Another villager told the AP he saw at least two men taken into custody by U.S. forces, and whisked away by helicopter. He spoke on condition of anonymity because he feared for his life.

At the targeted building, the floor was bloodstained Monday, with abandoned tennis shoes scattered amid pieces of human flesh. A tent pitched near the site had bags of bread, pots and pans and wool blankets.

There was no visible security presence and visitors could move freely, a sign the normally tightly restrictive government wanted the damage seen.

About 30 women dressed in black wept in a small courtyard outside the home of Dawoud al-Hamad, who was killed in the bombing along with his four sons.

"They were innocent laborers who worked from dusk to dawn," said the man's wife, Rima.

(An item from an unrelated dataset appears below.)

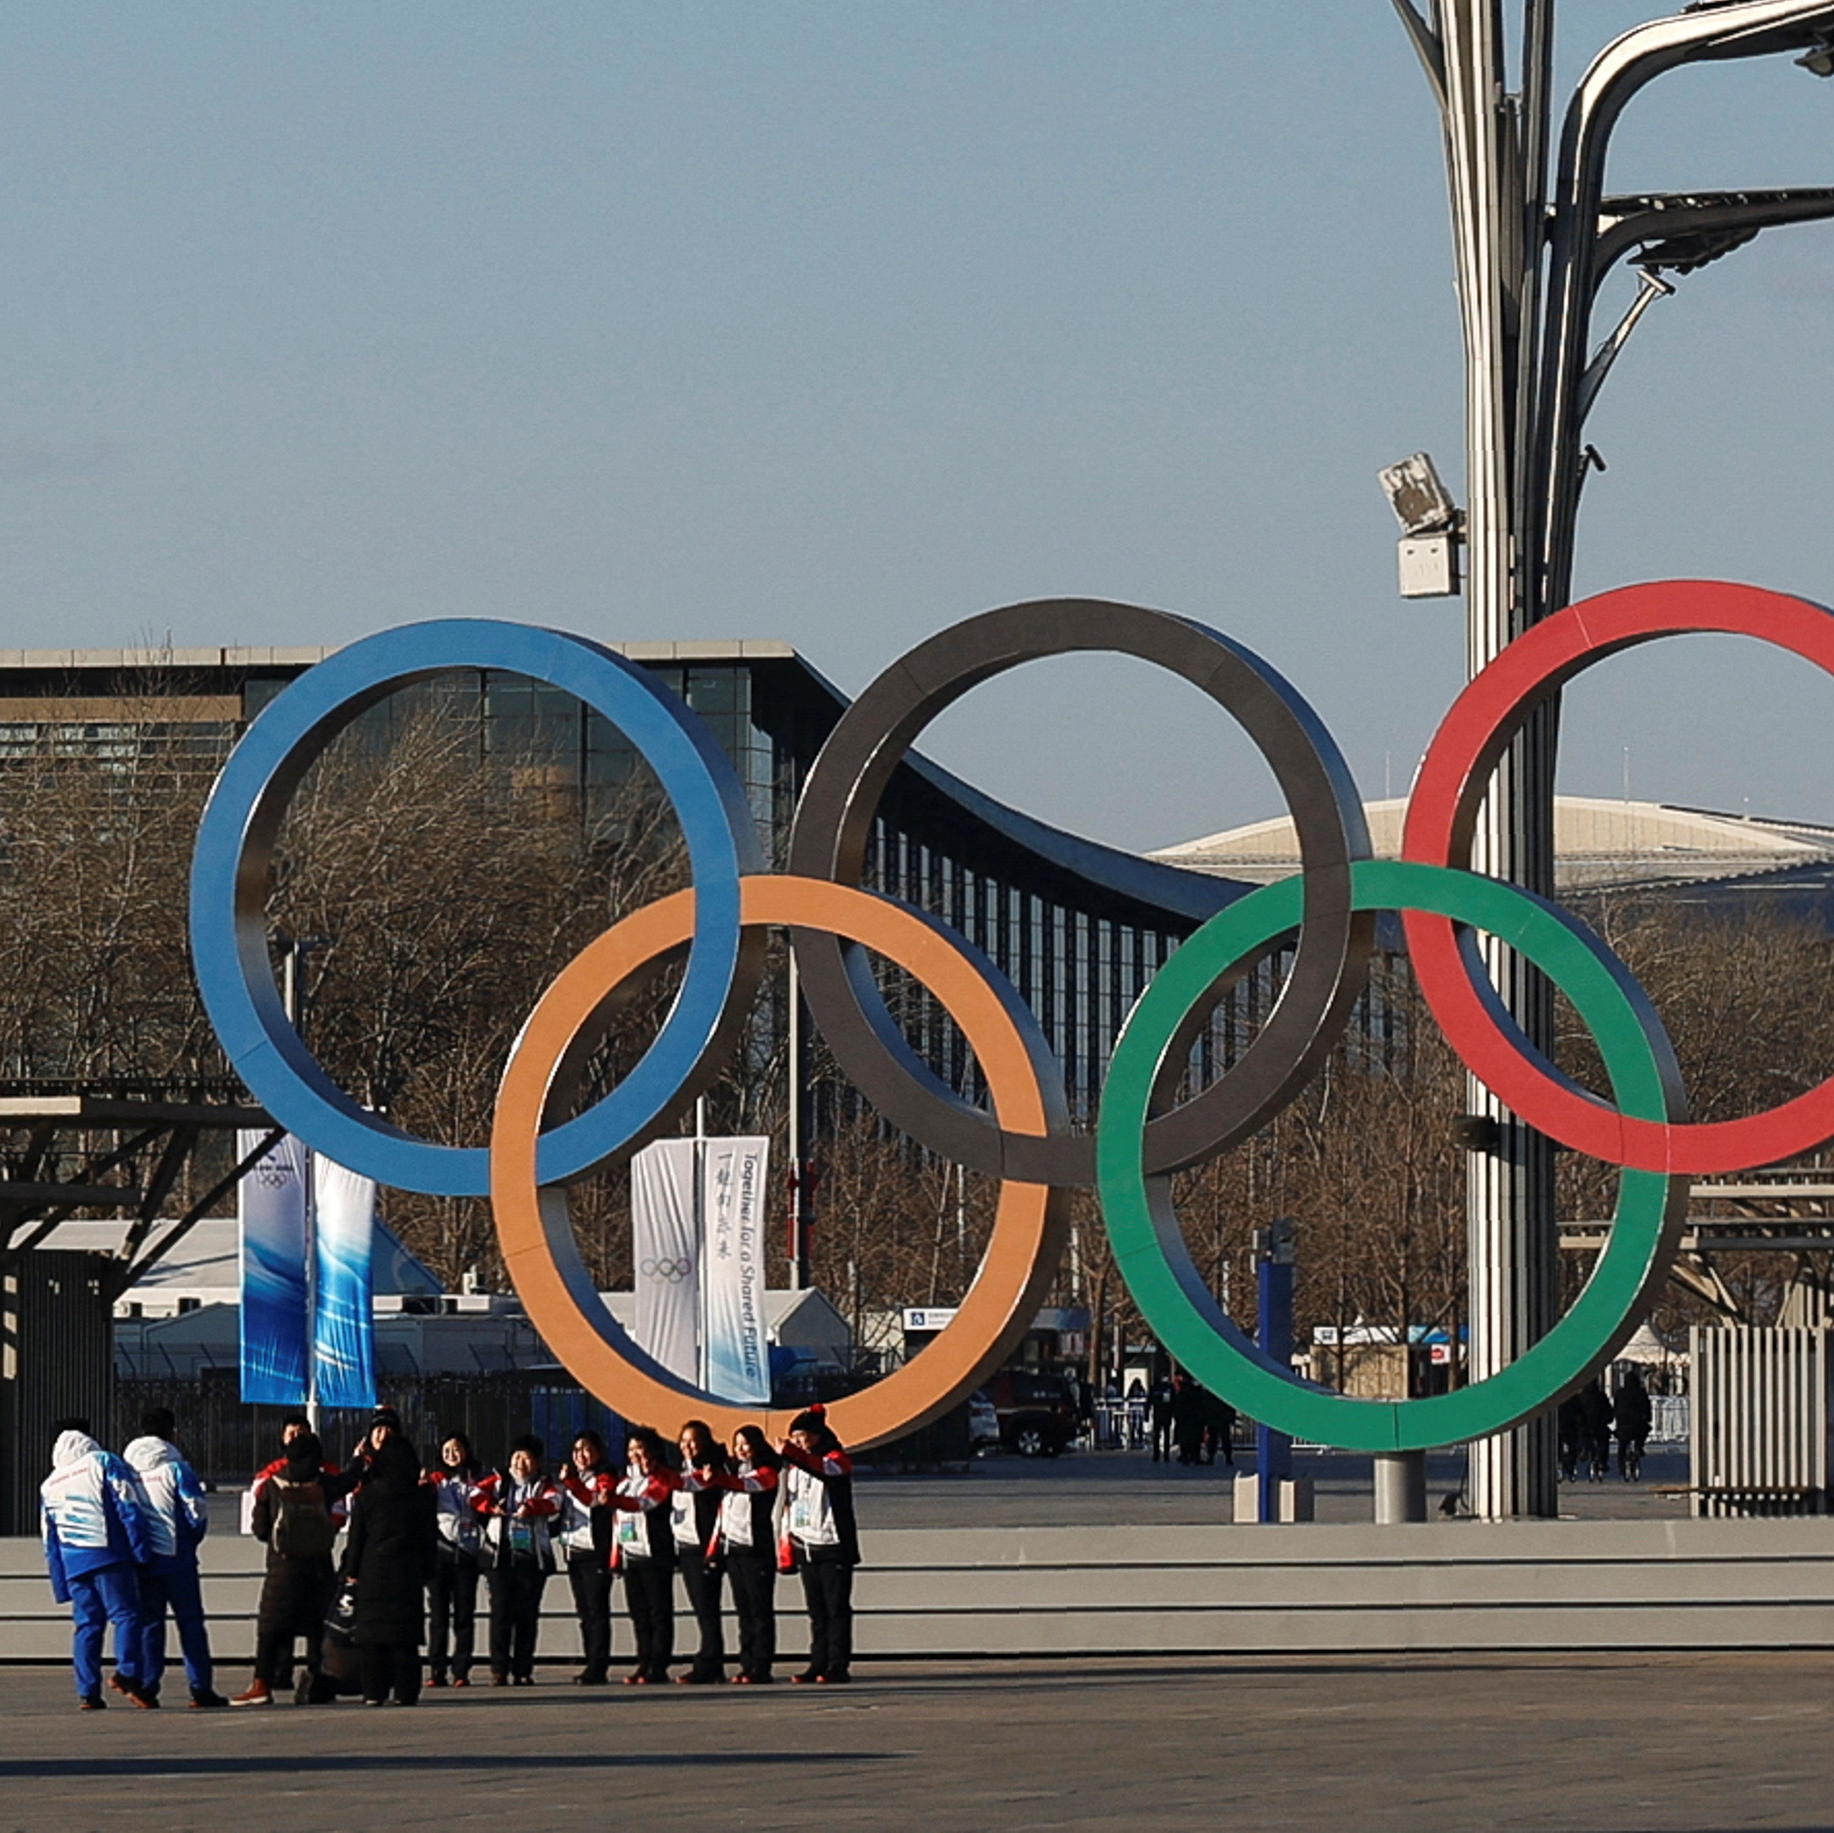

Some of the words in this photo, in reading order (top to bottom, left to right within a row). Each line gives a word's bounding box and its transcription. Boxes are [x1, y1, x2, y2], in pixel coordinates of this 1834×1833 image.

She said work at the construction site started last week.

Asked about U.S. reports that an al-Qaida-linked group used the site, Siham, the widow of one of the man's sons, Ibrahim, said: "I don't know about any of that."

"All I know is that they went to work and never came back," said the mother of seven.

Syria's Foreign Minister Walid al-Moallem denounced the raid as "cowboy politics."

"I hope it doesn't come to a confrontation, but if that's what they want, then we'll be ready," he told reporters in London.

Iran condemned the attack as did Russia, which has had close ties with Syria since Soviet times.

Iraqi officials said they had no advance warning of the raid, and the government responded carefully to the aftermath, seeking to contain diplomatic damage with Syria while not offending the U.S.

Chief spokesman Ali al-Dabbagh said Iraq was seeking good relations with Syria but added that Baghdad had asked the Syrians in the past to "hand over terror groups operating on Syrian territory."

He also noted the attack occurred in an area where "anti-Iraq terror activity" had taken place.

"We cannot judge this operation at the moment," he said. "We must wait for our investigation to finish. We are in touch with the American side and we expect them to hand us a report on the raid."

U.S. and Iraqi officials have long been concerned about infiltration across the Syrian border. American special operations troops have been working for months to shut down Sunni extremist networks that smuggle weapons and fighters through Iraq's northern desert to Mosul, where al-Qaida and other Sunni militants remain active.

But the timing of the raid raised concerns it could hurt an uncertain U.S.-Iraq security agreement. Parliament must approve the measure before the U.N. mandate expires Dec. 31, but Iraqi Shiite lawmakers have expressed doubts the current version would pass.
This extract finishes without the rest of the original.